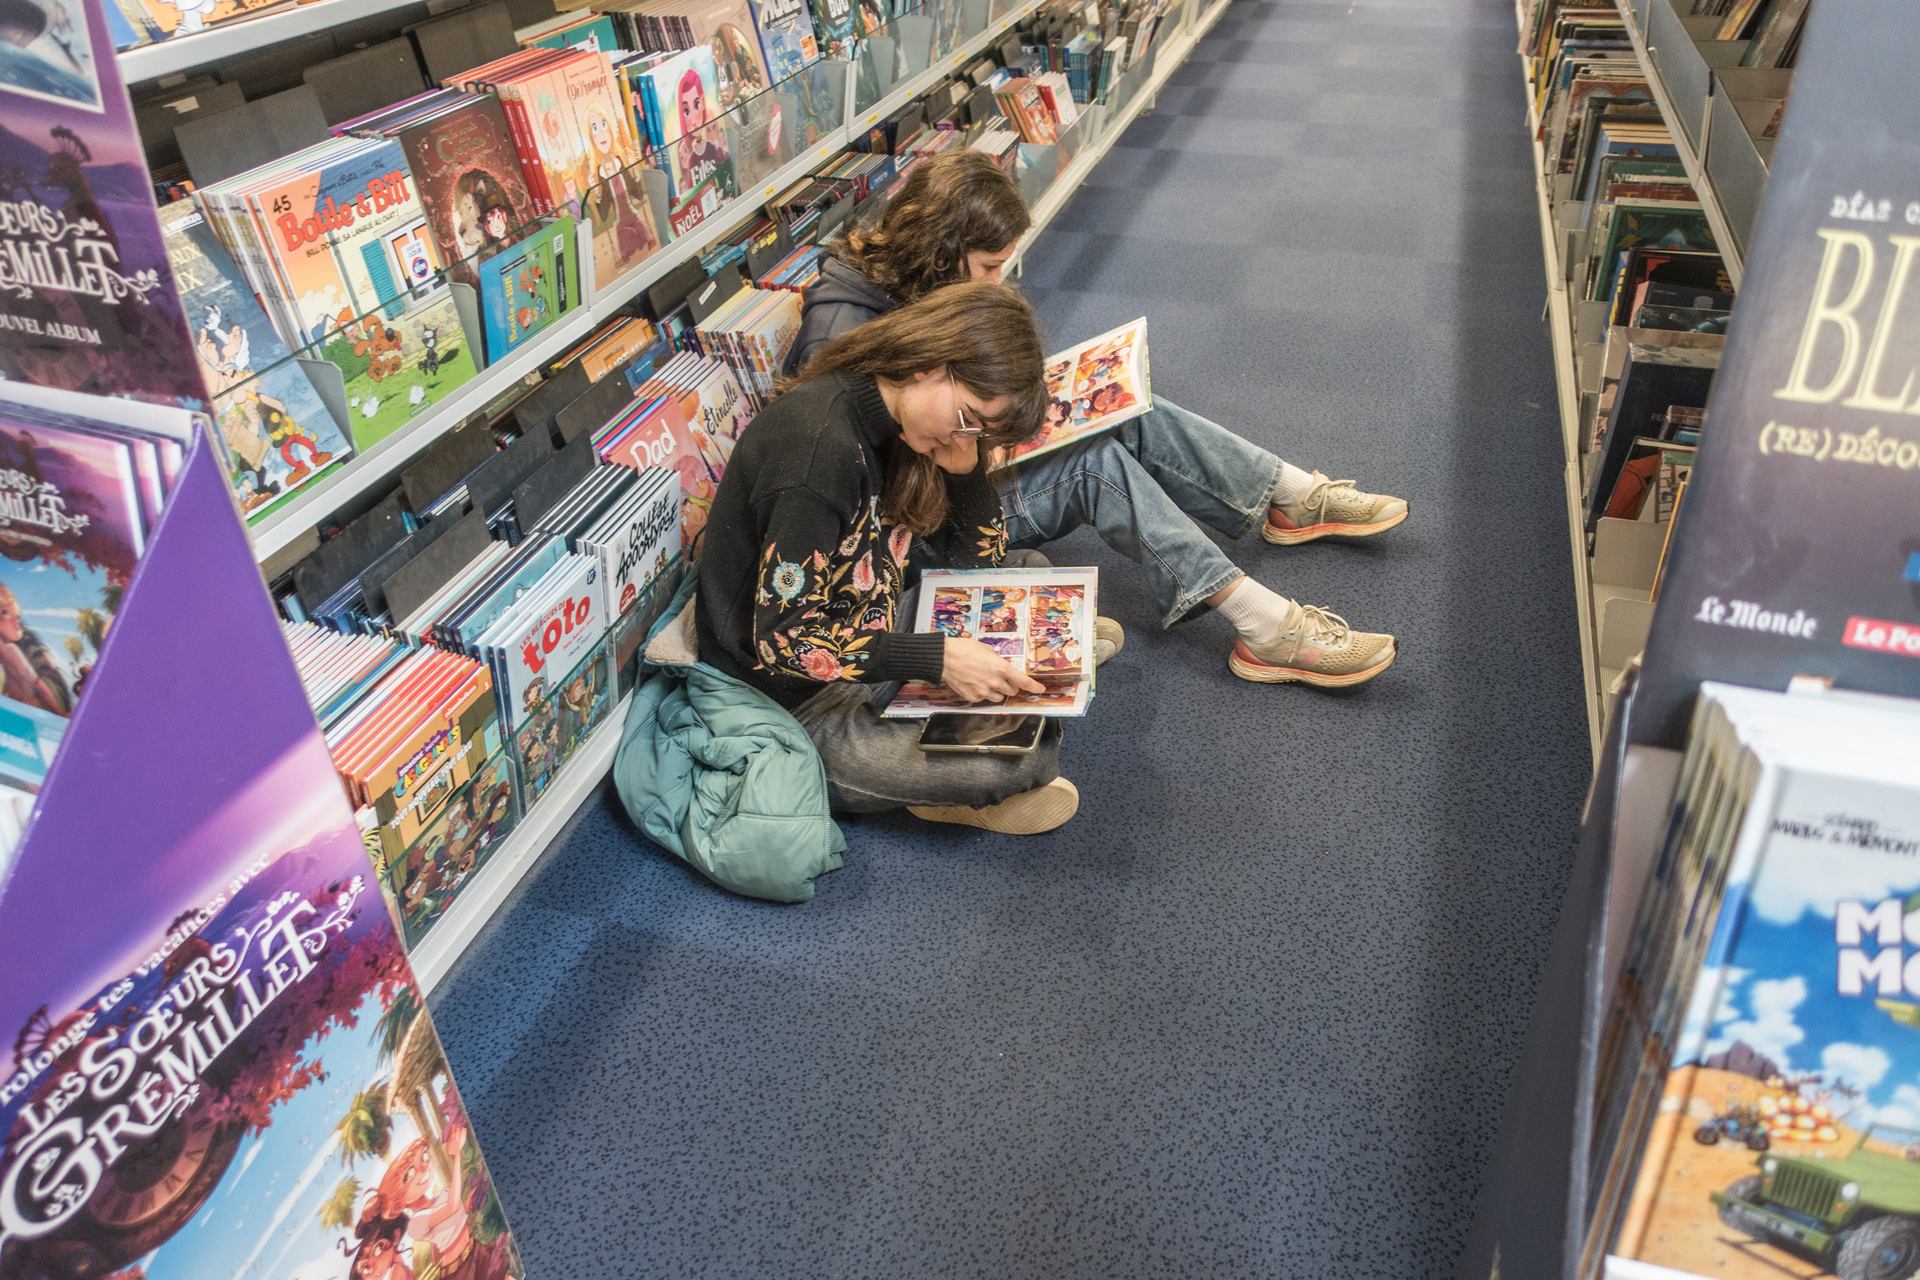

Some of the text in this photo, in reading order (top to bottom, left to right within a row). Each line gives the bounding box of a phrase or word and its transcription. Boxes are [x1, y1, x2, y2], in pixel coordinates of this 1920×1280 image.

[272, 195, 292, 214] 45
[276, 195, 355, 252] Boule
[356, 192, 372, 218] &
[367, 169, 410, 214] Bill
[674, 204, 702, 236] NOËL
[1830, 190, 1892, 222] DÍAZ
[46, 323, 102, 345] ALBUM
[1772, 227, 1920, 414] BL
[630, 418, 677, 473] Dad
[1758, 419, 1920, 471] (RE)DÉCO
[615, 497, 679, 588] APOCALYPSE
[522, 595, 591, 674] toto
[1694, 596, 1818, 639] Le Monde
[1853, 619, 1886, 645] Le
[97, 978, 135, 1012] tes
[134, 893, 227, 977] vacances
[229, 853, 269, 895] avec
[1835, 897, 1920, 946] M
[1837, 947, 1920, 997] M
[17, 1071, 88, 1139] LES
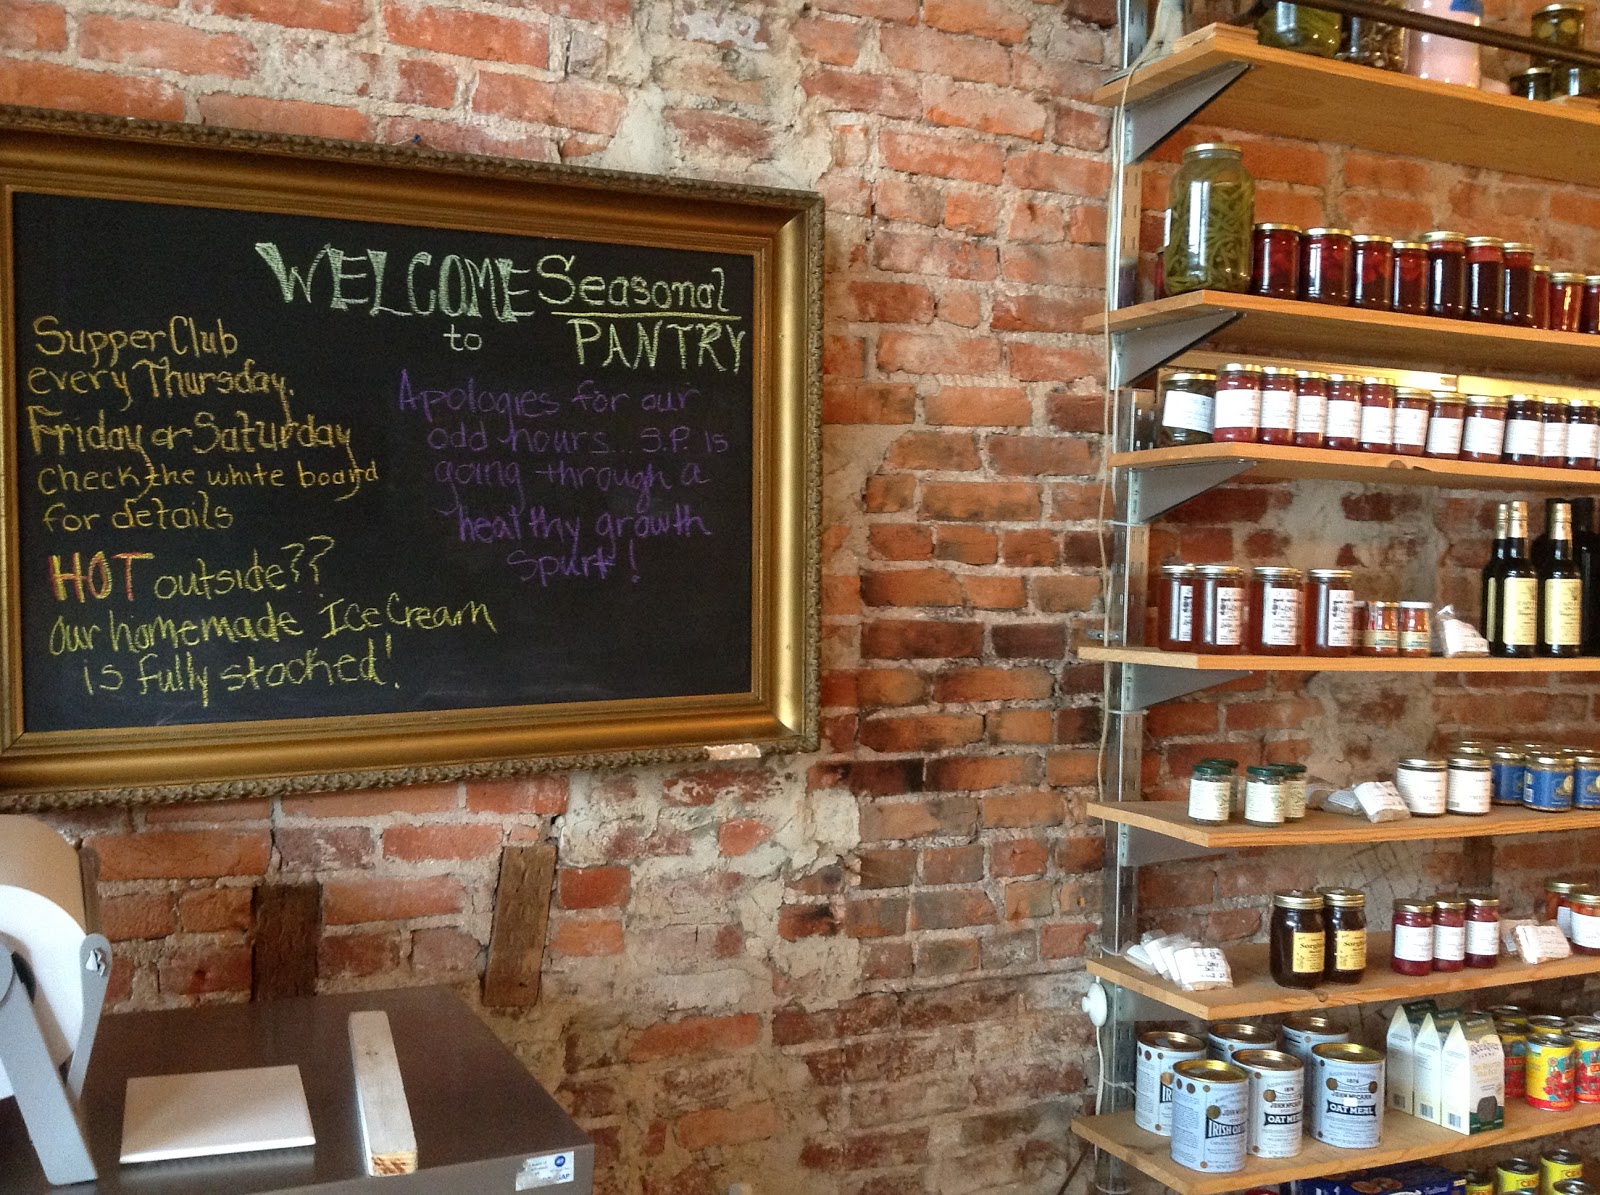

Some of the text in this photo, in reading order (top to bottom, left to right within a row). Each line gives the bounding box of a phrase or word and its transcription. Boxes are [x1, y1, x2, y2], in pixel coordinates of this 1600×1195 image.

[255, 242, 729, 323] WELCOME Seasonal
[33, 315, 238, 368] Supper Club
[444, 318, 746, 375] to PANTRY
[28, 356, 294, 420] every Thursday.
[399, 369, 701, 434] Apologies for our
[28, 405, 356, 482] Friday or Saturday
[427, 421, 488, 451] odd
[640, 427, 690, 452] S.P.
[705, 430, 728, 453] is
[37, 461, 379, 496] Check the white board
[435, 460, 711, 515] going through a
[44, 491, 233, 531] for details
[458, 503, 713, 560] healthy growth
[49, 535, 336, 602] HOT outside??
[110, 602, 304, 654] homemade
[318, 598, 383, 639] Ice
[386, 592, 498, 634] Cream
[84, 632, 401, 708] is fully stocked!
[1208, 1119, 1232, 1139] IRISH
[1267, 1115, 1287, 1124] OAT
[1329, 1103, 1374, 1115] OAT MEAL

:::

Required work
Write out the data above in full and exactly, but without the pictures.

Response to the exercise
Some of the text in this photo, in reading order (top to bottom, left to right within a row). Each line gives the bounding box of a phrase or word and its transcription. Boxes are [x1, y1, x2, y2], in pixel coordinates of this 1920×1280 image.

[272, 195, 292, 214] 45
[276, 195, 355, 252] Boule
[356, 192, 372, 218] &
[367, 169, 410, 214] Bill
[674, 204, 702, 236] NOËL
[1830, 190, 1892, 222] DÍAZ
[46, 323, 102, 345] ALBUM
[1772, 227, 1920, 414] BL
[630, 418, 677, 473] Dad
[1758, 419, 1920, 471] (RE)DÉCO
[615, 497, 679, 588] APOCALYPSE
[522, 595, 591, 674] toto
[1694, 596, 1818, 639] Le Monde
[1853, 619, 1886, 645] Le
[97, 978, 135, 1012] tes
[134, 893, 227, 977] vacances
[229, 853, 269, 895] avec
[1835, 897, 1920, 946] M
[1837, 947, 1920, 997] M
[17, 1071, 88, 1139] LES

Some of the text in this photo, in reading order (top to bottom, left to right within a row). Each line gives the bounding box of a phrase or word and its transcription. Boxes are [x1, y1, x2, y2], in pixel coordinates of this 1600×1195 image.

[255, 242, 729, 323] WELCOME Seasonal
[33, 315, 238, 368] Supper Club
[444, 318, 746, 375] to PANTRY
[28, 356, 294, 420] every Thursday.
[399, 369, 701, 434] Apologies for our
[28, 405, 356, 482] Friday or Saturday
[427, 421, 488, 451] odd
[640, 427, 690, 452] S.P.
[705, 430, 728, 453] is
[37, 461, 379, 496] Check the white board
[435, 460, 711, 515] going through a
[44, 491, 233, 531] for details
[458, 503, 713, 560] healthy growth
[49, 535, 336, 602] HOT outside??
[110, 602, 304, 654] homemade
[318, 598, 383, 639] Ice
[386, 592, 498, 634] Cream
[84, 632, 401, 708] is fully stocked!
[1208, 1119, 1232, 1139] IRISH
[1267, 1115, 1287, 1124] OAT
[1329, 1103, 1374, 1115] OAT MEAL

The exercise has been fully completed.